Fawley dangerFawley refinery is run as a 24-hour operation. Workers at the refinery have said that only a “skeleton crew” is present during night shifts and on weekends.

Such corner-cutting by the bosses has almost had tragic consequences. GMB has alleged that severely-rusted steel supports gave way in November, leading to the collapse of an important petrol-production structure in the refinery.

This collapse led to a leak of a huge amount of highly flammable gases, released from a pipe that was damaged by the incident. Firefighters had to immediately be deployed, and the area had to be evacuated.

Workers have said that if the wind was blowing in the other direction, the gas would have hit the nearby heat exchanger. Had this happened, according to one worker, “the whole place would have blown up”.

In other words, an unimaginable disaster was only averted thanks to chance. Despite this, the bosses are refusing to budge on a proper safety agreement. Cutting corners; skeleton crews; and the occasional disaster: all are acceptable to them, so long as the profits keep rolling in.

Smear tactics

It is no surprise that the refinery workers, employed on pathetic pay under dangerous conditions, have been pushed beyond their limits.

As a result, the workers are striking in two six-day blocks: from 21-26 November; and from today (28 November) to 3 December.

Starting from 21 November, the workers formed a hard picket line, preventing any traffic from entering the refinery. And as the strike progressed, the workers decided to start their picket earlier, in order to prevent scabs from sneaking into work early in the morning.

With further picket lines added at other entrances, the ground has been laid for a complete stoppage of the site.

In a clear attempt to smear the strikers, the employers sent a letter to union shop stewards and to the Hampshire Police, scandalously accusing workers of “wolf whistling and sexually harrassing underage schoolchildren trying to reach their place of education”.

This is a disgusting lie, which shows how low the bosses are prepared to stoop in order to defeat this strike. Picketers have shown exemplary conduct towards the public. And the displays of solidarity from locals and passersby clearly show that these divisive tactics are not working.
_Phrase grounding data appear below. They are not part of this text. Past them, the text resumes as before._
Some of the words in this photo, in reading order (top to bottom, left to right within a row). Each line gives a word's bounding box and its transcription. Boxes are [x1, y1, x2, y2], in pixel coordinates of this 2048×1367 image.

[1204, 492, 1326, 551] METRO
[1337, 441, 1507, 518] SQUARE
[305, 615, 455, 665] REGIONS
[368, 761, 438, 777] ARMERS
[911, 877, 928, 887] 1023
In the early hours of 24 November, the police arrived in force to disrupt the peaceful picketing activities of the Fawley refinery workers. Workers were pushed and shoved by the police, and their ability to picket was severely disrupted.
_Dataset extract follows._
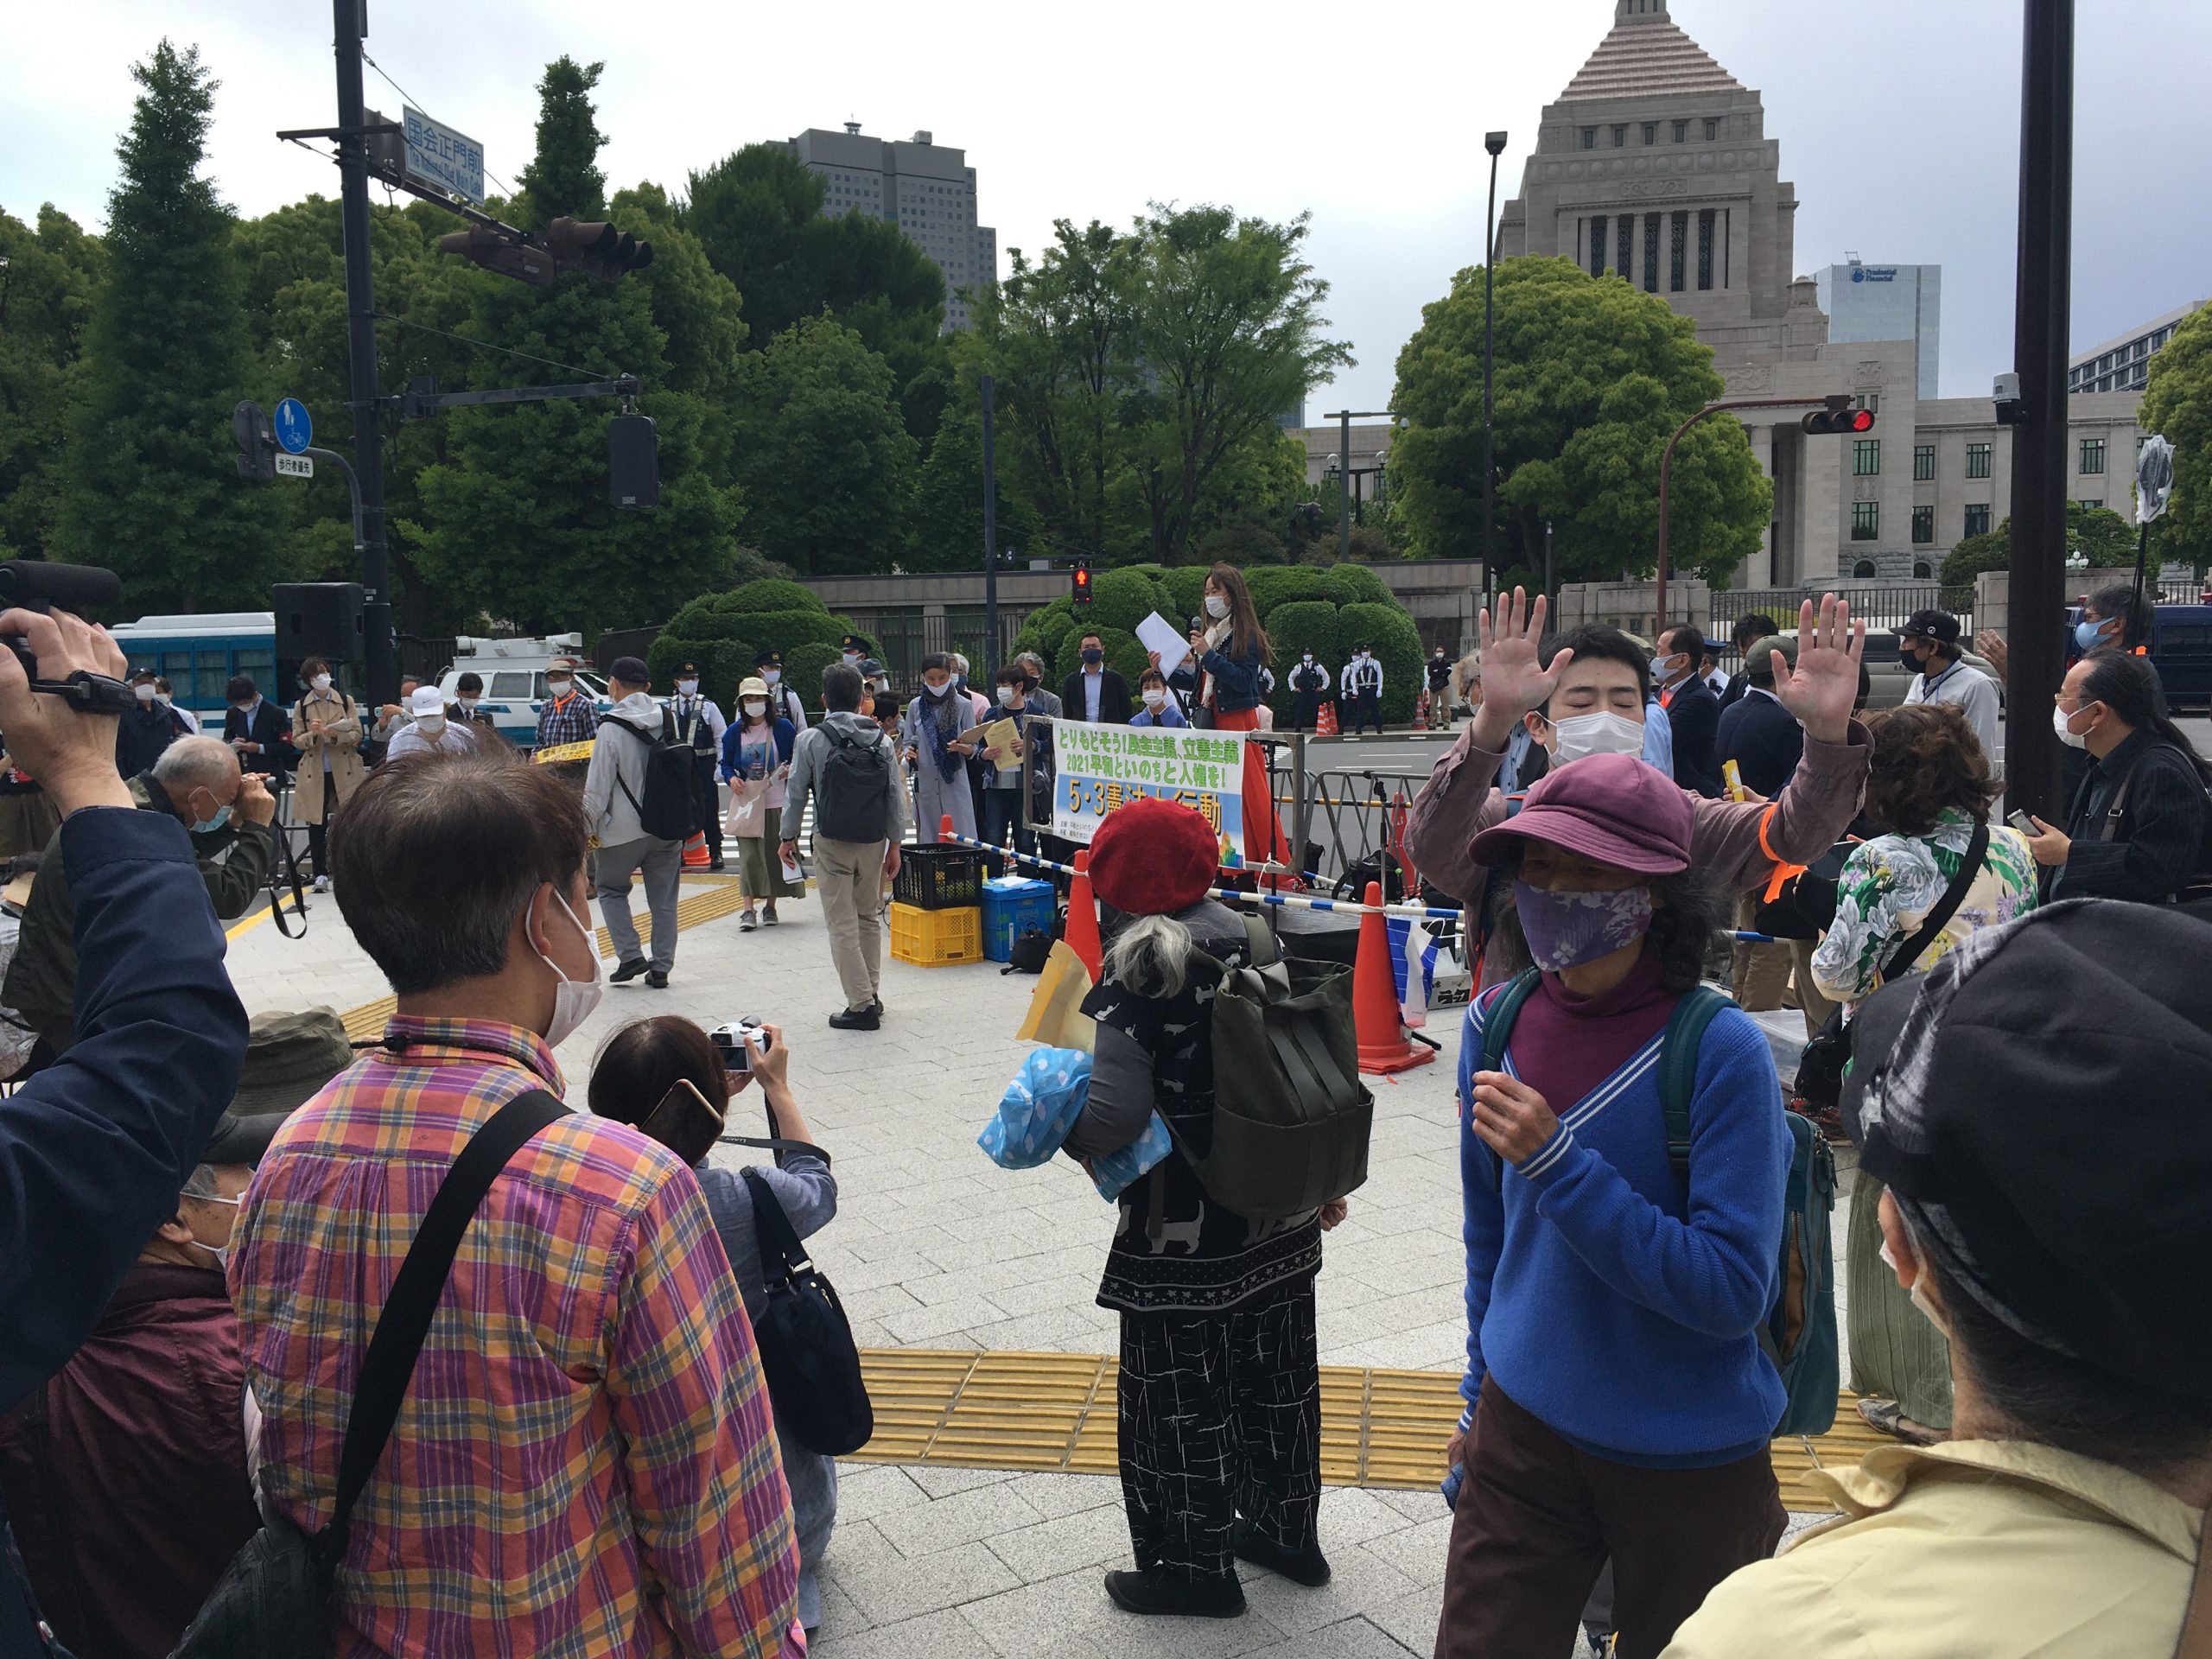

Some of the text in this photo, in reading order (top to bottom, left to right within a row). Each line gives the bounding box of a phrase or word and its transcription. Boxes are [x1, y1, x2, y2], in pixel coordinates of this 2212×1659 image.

Despite the blows struck against them by the boys in blue, however, the Fawley workers held a vote to continue the strike action. They also adopted the name ‘The Fawley Fighters’ – a fitting name for these workers who have set a militant example for the whole labour movement.

Spread the strike

The Fawley Fighters are now organising to bring in other workers – employed by subcontractors across the site – into the ranks of the unions. There is also talk of spreading the strike to other NAECI sites. This fighting strategy shows the way forward.
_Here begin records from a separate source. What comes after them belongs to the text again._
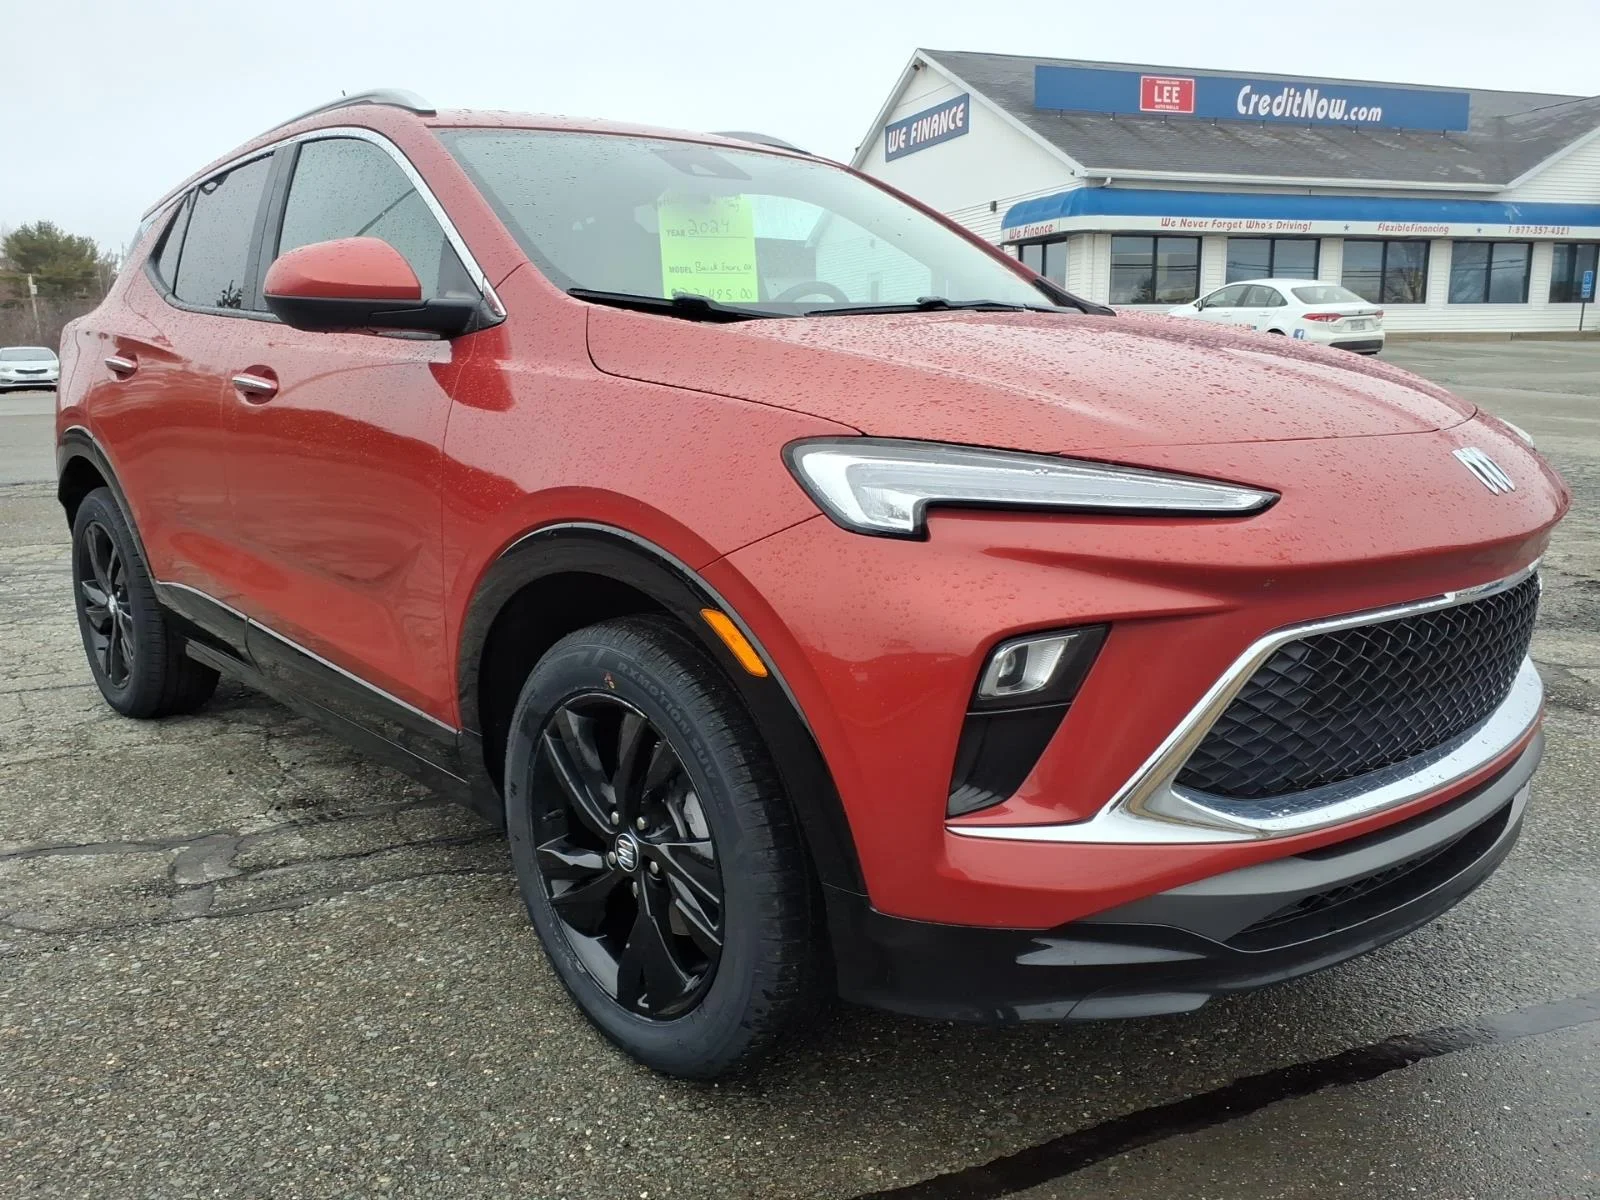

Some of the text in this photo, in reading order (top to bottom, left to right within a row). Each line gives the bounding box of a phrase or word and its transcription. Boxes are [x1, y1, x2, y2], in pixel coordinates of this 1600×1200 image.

[1154, 85, 1181, 104] LEE
[1236, 84, 1383, 122] CreditNow.com
[888, 102, 965, 154] WE FINANCE
[666, 218, 730, 237] YEAR 2024
[1009, 223, 1054, 239] We Finance
[1160, 217, 1312, 232] We Never Forget Who's Driving!
[668, 265, 693, 274] MODEL
Widening the reach of the unions at the site will increase the impact of the strike, strengthening the hand of the workers against the bosses. Un-unionised workers are suffering from many of the same problems, and could be convinced to join the strikers in taking action.

At the same time, Fawley is by no means the only site where these same issues and similar conditions can be found.

The Fawley refinery strike is likely to be a long and bitter dispute. Nevertheless, recent victories by dockers, bus drivers, hospital staff, and many more show that the workers can win. The lesson is clear: militancy pays.

This struggle has also demonstrated the need for workers themselves to run these vital industries, as part of a socialist plan of production. In the hands of the capitalists, disaster lurks around every corner – as the recent structural collapse at Fawley shows.

It is time to put an end to the bosses’ profiteering, which is putting workers in harm’s way. The Fawley Fighters are showing the whole labour movement how it can be done. They deserve the utmost support in their fight.

  • Victory to the Fawley Fighters!
  • Coordinate action across the unions! Spread the strike to every NAECI site across the country!
  • For an inflation-busting wage rise, with pay linked to prices! Put workers in control of industry!